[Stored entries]
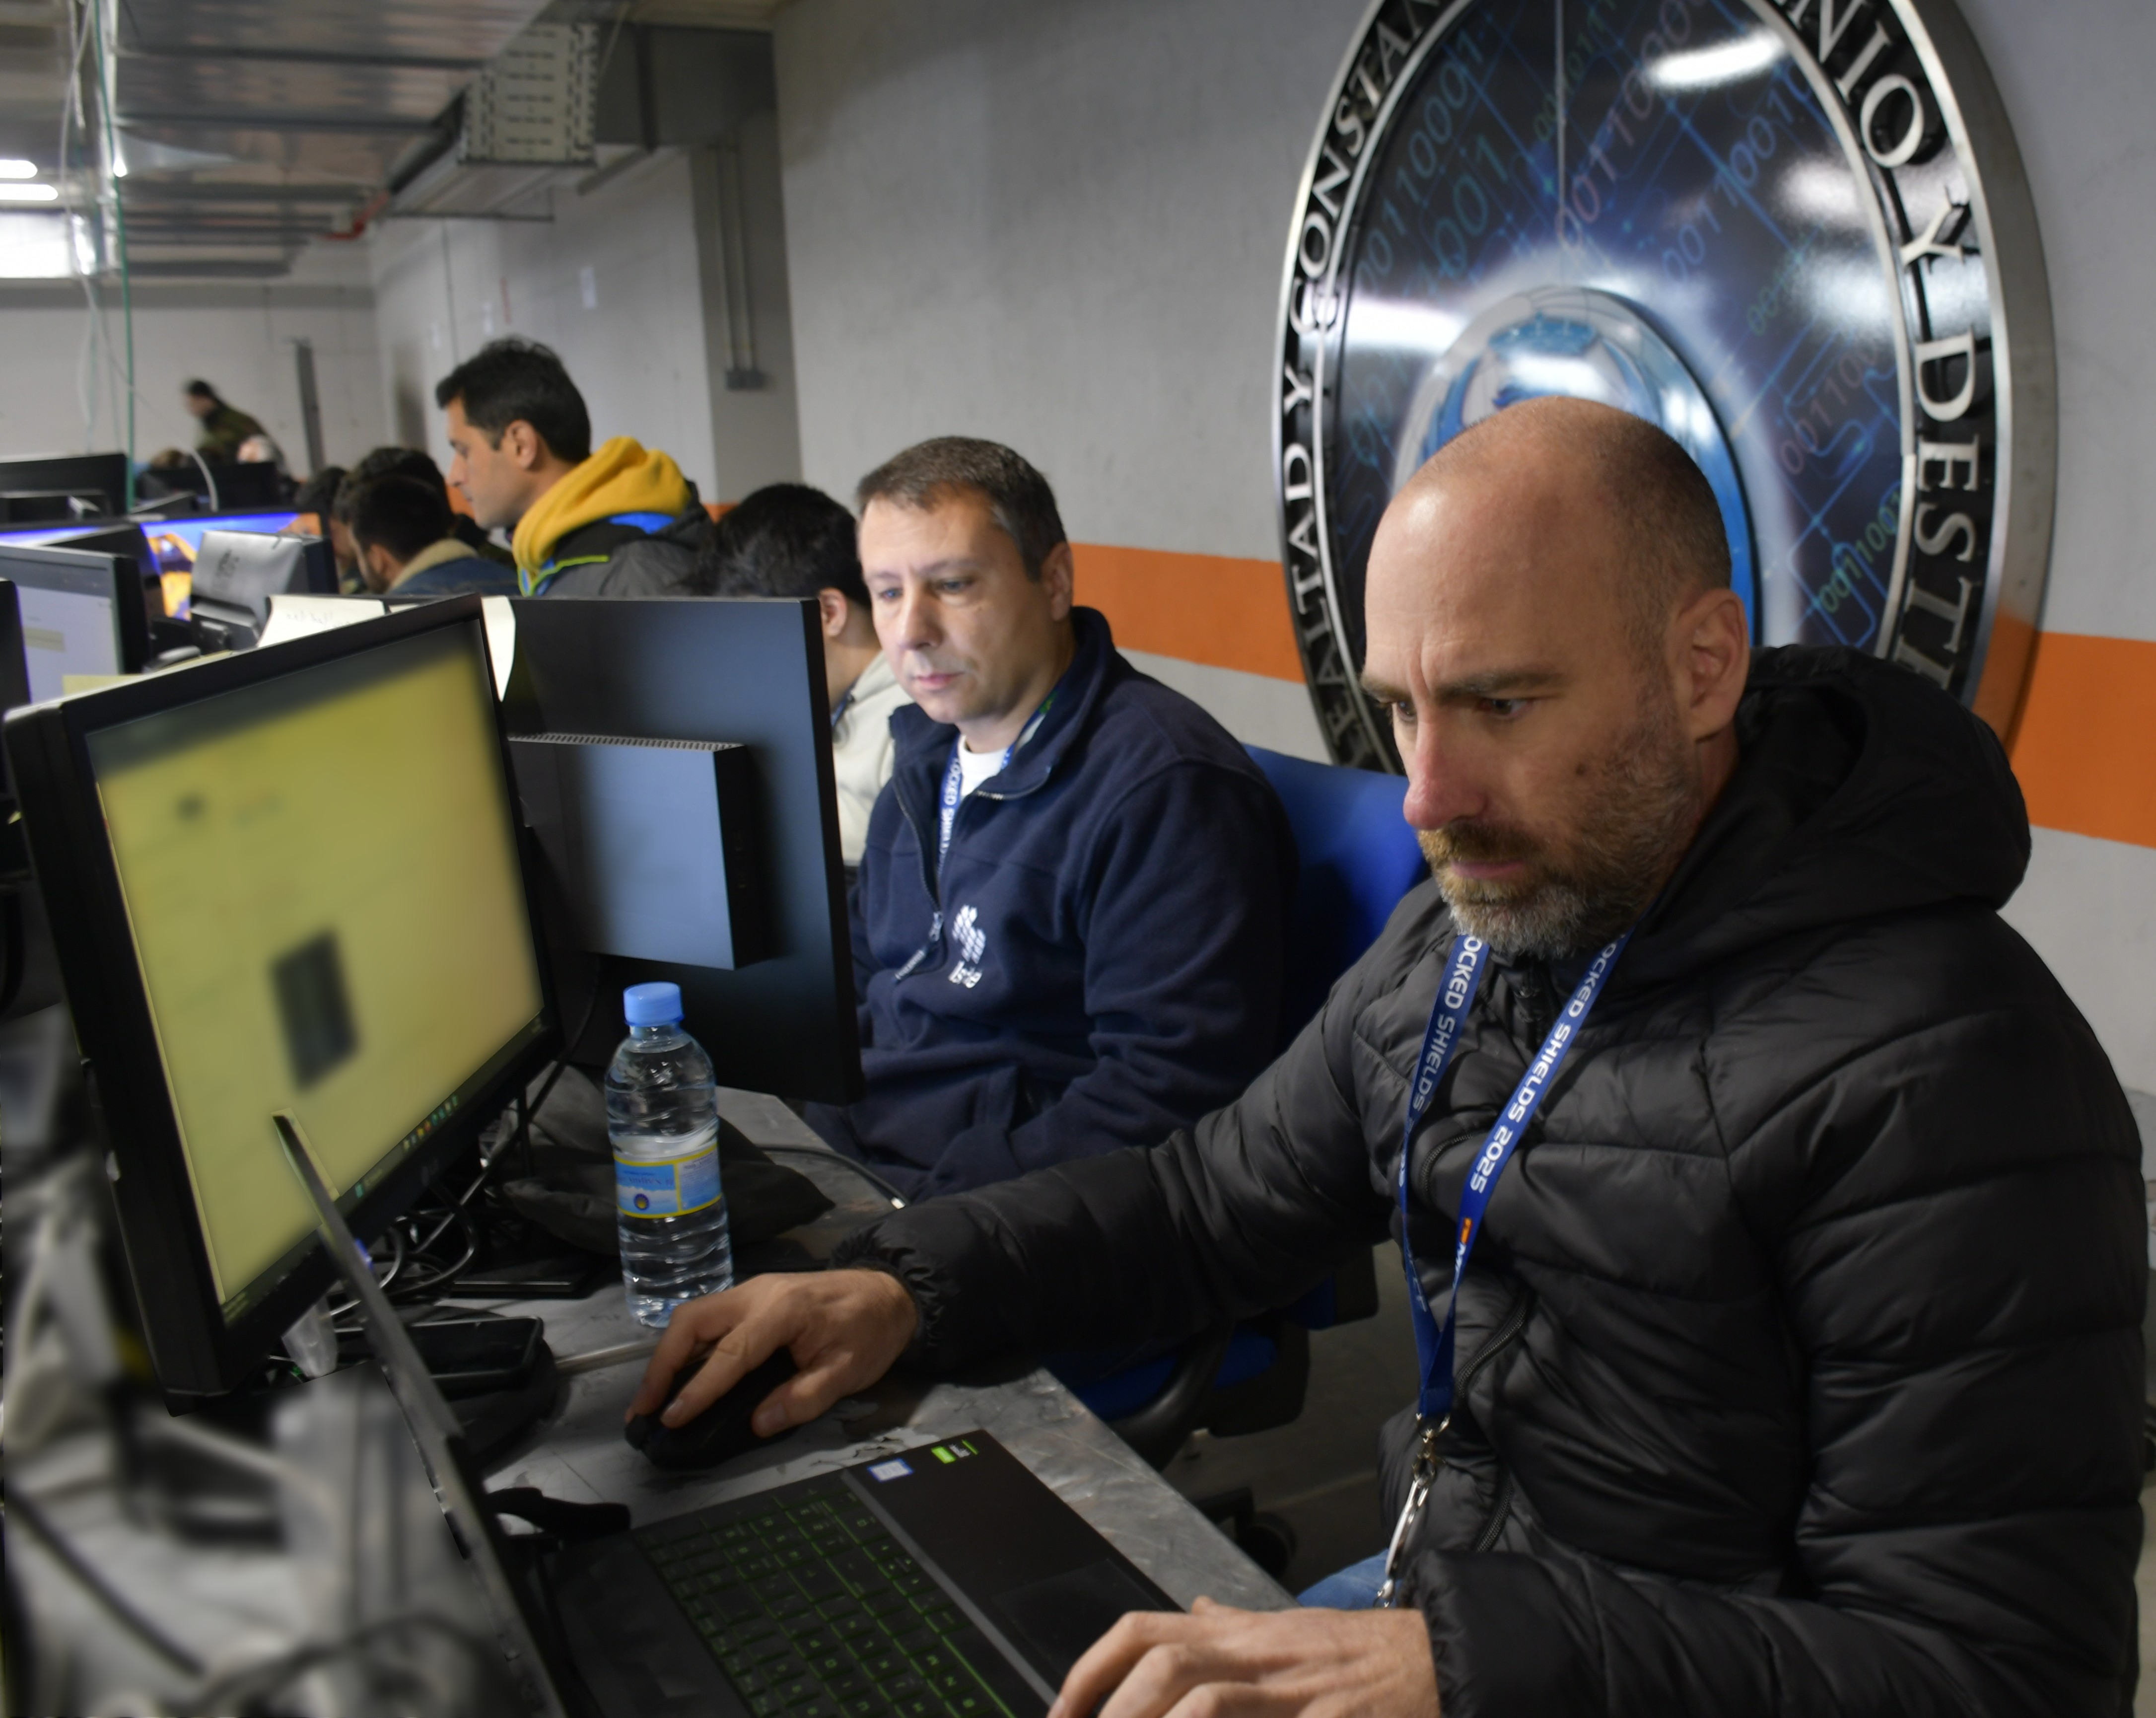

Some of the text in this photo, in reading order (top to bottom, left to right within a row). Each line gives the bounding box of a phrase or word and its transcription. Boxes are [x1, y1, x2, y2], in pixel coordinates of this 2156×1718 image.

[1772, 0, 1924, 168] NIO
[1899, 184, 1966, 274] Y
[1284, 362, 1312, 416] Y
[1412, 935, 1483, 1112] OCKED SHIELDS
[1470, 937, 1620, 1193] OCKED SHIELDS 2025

● **Task to carry out**
All of the data, minus its pictures, should be repeated exactly.

● **Solution to the problem**
Some of the text in this photo, in reading order (top to bottom, left to right within a row). Each line gives the bounding box of a phrase or word and its transcription. Boxes are [x1, y1, x2, y2], in pixel coordinates of this 2156×1718 image.

[1772, 0, 1924, 168] NIO
[1899, 184, 1966, 274] Y
[1284, 362, 1312, 416] Y
[1412, 935, 1483, 1112] OCKED SHIELDS
[1470, 937, 1620, 1193] OCKED SHIELDS 2025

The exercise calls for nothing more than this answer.